In 2017, Australian Genomics awarded bioinformatics researcher Harriet Dashnow with top-up funding toward her PhD research. Harriet’s research focused on detecting short tandem repeat expansions.
More than 40 of these loci are known to cause Mendelian diseases. She also developed bioinformatic methods for clinical exome sequencing and microbial gene detection.
We caught up with Harriet recently following the successful completion of her PhD, and to hear more about her post-doctoral position now with the Quinlan Lab at the University of Utah.
Congratulations Harriet, could you tell us a little bit about yourself and your journey to getting to where you are today.
I wanted to be a scientist since childhood, but I also finished high school with so many varied interests that I decided to start out by getting a really broad education across the sciences and humanities.

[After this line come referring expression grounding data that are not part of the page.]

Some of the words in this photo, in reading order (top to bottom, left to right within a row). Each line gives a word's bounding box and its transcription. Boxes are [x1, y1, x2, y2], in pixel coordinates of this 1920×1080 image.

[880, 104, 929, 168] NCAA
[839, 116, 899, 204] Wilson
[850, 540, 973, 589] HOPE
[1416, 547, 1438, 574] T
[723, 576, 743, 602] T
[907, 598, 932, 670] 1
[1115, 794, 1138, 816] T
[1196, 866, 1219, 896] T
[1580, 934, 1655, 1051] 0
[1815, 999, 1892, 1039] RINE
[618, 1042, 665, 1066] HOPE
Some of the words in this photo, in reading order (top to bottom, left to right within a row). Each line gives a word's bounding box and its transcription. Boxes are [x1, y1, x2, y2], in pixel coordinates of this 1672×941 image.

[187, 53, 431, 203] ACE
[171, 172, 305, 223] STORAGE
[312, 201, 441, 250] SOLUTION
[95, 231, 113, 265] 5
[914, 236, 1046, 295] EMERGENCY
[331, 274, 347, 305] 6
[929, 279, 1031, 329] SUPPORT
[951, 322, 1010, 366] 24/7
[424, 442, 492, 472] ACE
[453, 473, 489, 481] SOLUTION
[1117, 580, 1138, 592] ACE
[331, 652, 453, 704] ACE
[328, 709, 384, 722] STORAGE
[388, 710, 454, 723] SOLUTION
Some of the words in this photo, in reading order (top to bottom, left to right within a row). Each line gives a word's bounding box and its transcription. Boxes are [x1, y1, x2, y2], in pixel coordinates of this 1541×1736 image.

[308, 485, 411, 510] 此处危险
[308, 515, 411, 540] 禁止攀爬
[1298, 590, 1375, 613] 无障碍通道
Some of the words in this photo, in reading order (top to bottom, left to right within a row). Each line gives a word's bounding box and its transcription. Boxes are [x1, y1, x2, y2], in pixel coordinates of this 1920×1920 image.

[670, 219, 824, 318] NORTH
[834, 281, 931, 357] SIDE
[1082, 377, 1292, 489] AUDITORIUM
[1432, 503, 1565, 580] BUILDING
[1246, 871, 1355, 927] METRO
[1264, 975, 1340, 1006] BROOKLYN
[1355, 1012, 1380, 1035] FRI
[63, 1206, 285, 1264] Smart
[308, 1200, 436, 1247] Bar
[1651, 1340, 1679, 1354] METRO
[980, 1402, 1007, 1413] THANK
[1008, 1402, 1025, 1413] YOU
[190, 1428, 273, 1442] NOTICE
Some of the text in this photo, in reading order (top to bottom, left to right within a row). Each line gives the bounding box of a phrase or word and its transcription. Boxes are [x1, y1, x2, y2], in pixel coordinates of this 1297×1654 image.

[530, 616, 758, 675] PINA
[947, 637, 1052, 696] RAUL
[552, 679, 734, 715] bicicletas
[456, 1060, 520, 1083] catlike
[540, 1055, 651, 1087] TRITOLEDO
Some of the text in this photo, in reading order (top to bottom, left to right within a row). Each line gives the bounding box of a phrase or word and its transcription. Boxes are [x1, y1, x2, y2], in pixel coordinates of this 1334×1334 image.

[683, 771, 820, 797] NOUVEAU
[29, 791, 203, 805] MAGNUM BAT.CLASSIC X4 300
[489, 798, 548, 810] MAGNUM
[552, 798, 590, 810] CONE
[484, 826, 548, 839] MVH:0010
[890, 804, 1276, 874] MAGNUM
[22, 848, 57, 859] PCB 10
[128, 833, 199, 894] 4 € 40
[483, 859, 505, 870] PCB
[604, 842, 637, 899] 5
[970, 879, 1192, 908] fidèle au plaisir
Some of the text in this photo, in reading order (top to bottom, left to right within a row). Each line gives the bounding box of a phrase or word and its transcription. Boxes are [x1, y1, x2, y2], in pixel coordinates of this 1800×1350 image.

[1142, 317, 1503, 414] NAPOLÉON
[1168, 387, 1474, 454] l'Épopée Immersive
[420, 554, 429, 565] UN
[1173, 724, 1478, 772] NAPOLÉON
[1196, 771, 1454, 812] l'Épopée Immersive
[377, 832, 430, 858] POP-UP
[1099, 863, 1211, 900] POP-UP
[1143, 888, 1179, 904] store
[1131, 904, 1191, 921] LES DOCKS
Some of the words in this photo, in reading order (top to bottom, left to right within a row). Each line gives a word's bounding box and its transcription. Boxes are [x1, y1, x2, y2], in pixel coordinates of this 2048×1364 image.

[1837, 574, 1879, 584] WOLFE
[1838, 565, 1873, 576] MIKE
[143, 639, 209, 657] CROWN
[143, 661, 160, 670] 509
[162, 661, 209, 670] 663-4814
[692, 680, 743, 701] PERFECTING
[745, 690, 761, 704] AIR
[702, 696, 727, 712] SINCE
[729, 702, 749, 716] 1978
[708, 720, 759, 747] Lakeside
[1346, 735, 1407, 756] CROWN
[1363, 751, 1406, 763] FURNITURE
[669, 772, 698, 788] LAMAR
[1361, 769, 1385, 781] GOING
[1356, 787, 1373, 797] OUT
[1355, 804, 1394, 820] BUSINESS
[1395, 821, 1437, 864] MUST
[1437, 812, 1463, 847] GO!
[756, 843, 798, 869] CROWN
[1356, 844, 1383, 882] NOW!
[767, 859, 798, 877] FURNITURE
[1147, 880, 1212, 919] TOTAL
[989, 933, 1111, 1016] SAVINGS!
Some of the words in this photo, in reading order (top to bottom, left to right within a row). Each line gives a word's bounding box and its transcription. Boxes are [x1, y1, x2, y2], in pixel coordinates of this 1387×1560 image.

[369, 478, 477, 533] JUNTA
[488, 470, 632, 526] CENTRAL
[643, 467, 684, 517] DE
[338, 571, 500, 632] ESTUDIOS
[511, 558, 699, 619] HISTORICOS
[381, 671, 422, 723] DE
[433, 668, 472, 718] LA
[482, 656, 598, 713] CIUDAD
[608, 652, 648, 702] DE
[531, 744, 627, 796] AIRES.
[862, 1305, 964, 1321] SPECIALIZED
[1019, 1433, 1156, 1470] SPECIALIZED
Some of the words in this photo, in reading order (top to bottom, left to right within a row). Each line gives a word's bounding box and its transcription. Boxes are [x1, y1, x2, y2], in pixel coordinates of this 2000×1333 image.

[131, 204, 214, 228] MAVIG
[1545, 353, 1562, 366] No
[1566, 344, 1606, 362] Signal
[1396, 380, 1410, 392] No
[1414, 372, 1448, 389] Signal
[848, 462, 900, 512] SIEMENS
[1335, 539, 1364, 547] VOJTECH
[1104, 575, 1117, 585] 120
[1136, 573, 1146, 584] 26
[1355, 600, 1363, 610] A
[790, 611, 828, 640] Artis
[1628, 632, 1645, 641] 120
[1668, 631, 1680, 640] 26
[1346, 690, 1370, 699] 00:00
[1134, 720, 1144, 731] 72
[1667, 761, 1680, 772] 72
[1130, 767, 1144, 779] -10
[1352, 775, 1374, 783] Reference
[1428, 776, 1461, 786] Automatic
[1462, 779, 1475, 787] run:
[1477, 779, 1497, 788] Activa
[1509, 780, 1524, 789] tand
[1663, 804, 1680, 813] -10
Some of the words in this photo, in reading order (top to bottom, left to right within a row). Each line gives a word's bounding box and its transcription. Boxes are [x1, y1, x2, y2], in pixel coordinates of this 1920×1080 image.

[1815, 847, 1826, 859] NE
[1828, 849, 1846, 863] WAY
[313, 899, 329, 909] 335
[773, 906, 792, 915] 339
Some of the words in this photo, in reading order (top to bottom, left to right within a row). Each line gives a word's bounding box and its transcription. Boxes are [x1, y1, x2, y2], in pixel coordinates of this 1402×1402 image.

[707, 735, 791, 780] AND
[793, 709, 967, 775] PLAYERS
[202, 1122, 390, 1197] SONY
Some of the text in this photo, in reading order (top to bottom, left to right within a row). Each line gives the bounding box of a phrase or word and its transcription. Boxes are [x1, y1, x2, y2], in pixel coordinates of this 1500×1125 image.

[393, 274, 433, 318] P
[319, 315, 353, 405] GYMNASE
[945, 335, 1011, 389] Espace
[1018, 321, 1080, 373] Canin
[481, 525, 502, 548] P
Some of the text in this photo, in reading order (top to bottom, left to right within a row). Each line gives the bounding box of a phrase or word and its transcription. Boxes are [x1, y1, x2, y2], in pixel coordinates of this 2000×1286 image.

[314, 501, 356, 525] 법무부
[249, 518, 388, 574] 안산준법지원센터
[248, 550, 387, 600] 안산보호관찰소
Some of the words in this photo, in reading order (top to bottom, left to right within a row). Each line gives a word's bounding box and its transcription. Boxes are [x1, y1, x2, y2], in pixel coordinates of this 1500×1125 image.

I did dual degrees, a Bachelor of Science majoring in Genetics, Biochemistry and Molecular biology alongside a Bachelor of Arts majoring in Psychology, with lots of study in English Literature and Creative Writing.
Throughout undergrad I was particularly fascinated by Human Genetics. As I neared the end of these degrees it was becoming increasingly clear to me that DNA sequencing and Bioinformatics were incredibly exciting, and the way forward for medical genetics. I did a Master’s in Bioinformatics, picking up extra skills, particularly in statistics and computer science. I had the wonderful opportunity to do my research project with Prof. Alicia Oshlack.
Could you tell us some more about your PhD research?
With many patients undiagnosed after exome or whole genome DNA sequencing, there is a need to develop novel bioinformatics methods and sequencing strategies to increase diagnostic rates.
During my PhD I developed a pooled-parent exome sequencing approach to prioritise de novo variants for genetic disease diagnosis.
I developed and validated a new computational method, STRetch (https://github.com/Oshlack/STRetch), to detect short tandem repeat expansions in short-read sequencing data, and used it to diagnose Mendelian STR diseases. I also used this method to explore variation across hundreds of individuals to inform our understanding of what is common and what is potentially pathogenic.
What motivates you about this this field of research?
I love that what we’re doing can have a direct impact on patients and their families. Getting a genetic diagnosis is such a pivotal part of living with a genetic disease, and planning for the future.
I also really enjoy the day to day fun of coding, visualizing genetic data and working with talented scientists from such varied fields and backgrounds.
What has been your biggest career highlight to date?
The first time I got an email saying that someone had made a diagnosis with my method, and then when I heard someone at a conference presenting a novel STR disease locus that they’d found with the help of my software!
Getting invited to speak at a conference in the UK was also pretty amazing.
Could you tell us a bit about the work you’re doing with the Quinlan Lab?
Several recently discovered pathogenic STR loci are absent from the reference genome, for example those STRs implicated in CANVAS, Baratela-Scott Syndrome, and several forms of FAME epilepsy and SCA. These novel STR loci are invisible to nearly all existing methods.
We have developed STRling (https://github.com/quinlan-lab/STRling), to make all STR expansions visible with short-read sequencing. STRling is a new STR discovery method that uses k-mers to detect novel STRs, as well as those annotated in the reference genome to enable discovery of novel STR disease loci.
I recently received a fellowship to perform population-level STR genotyping on thousands of TOPMed genomes. This will enable us to quantify common STR variation, and so prioritise rare expansions in Mendelian disease cases.
Harriet and family enjoying Utah.
Harriet’s PhD supervisors were Prof Alicia Oshlack (Peter MacCallum Cancer Centre) and Prof John Christodoulou (Murdoch Children’s Research Institute). Her PhD involved collaborations with Prof Nigel Laing (Harry Perkins Institute of Medical Research & UWA), Dr Daniel MacArthur (Murdoch Children’s and the Garvan Institute) and A/Prof Monkel Lek (Yale University).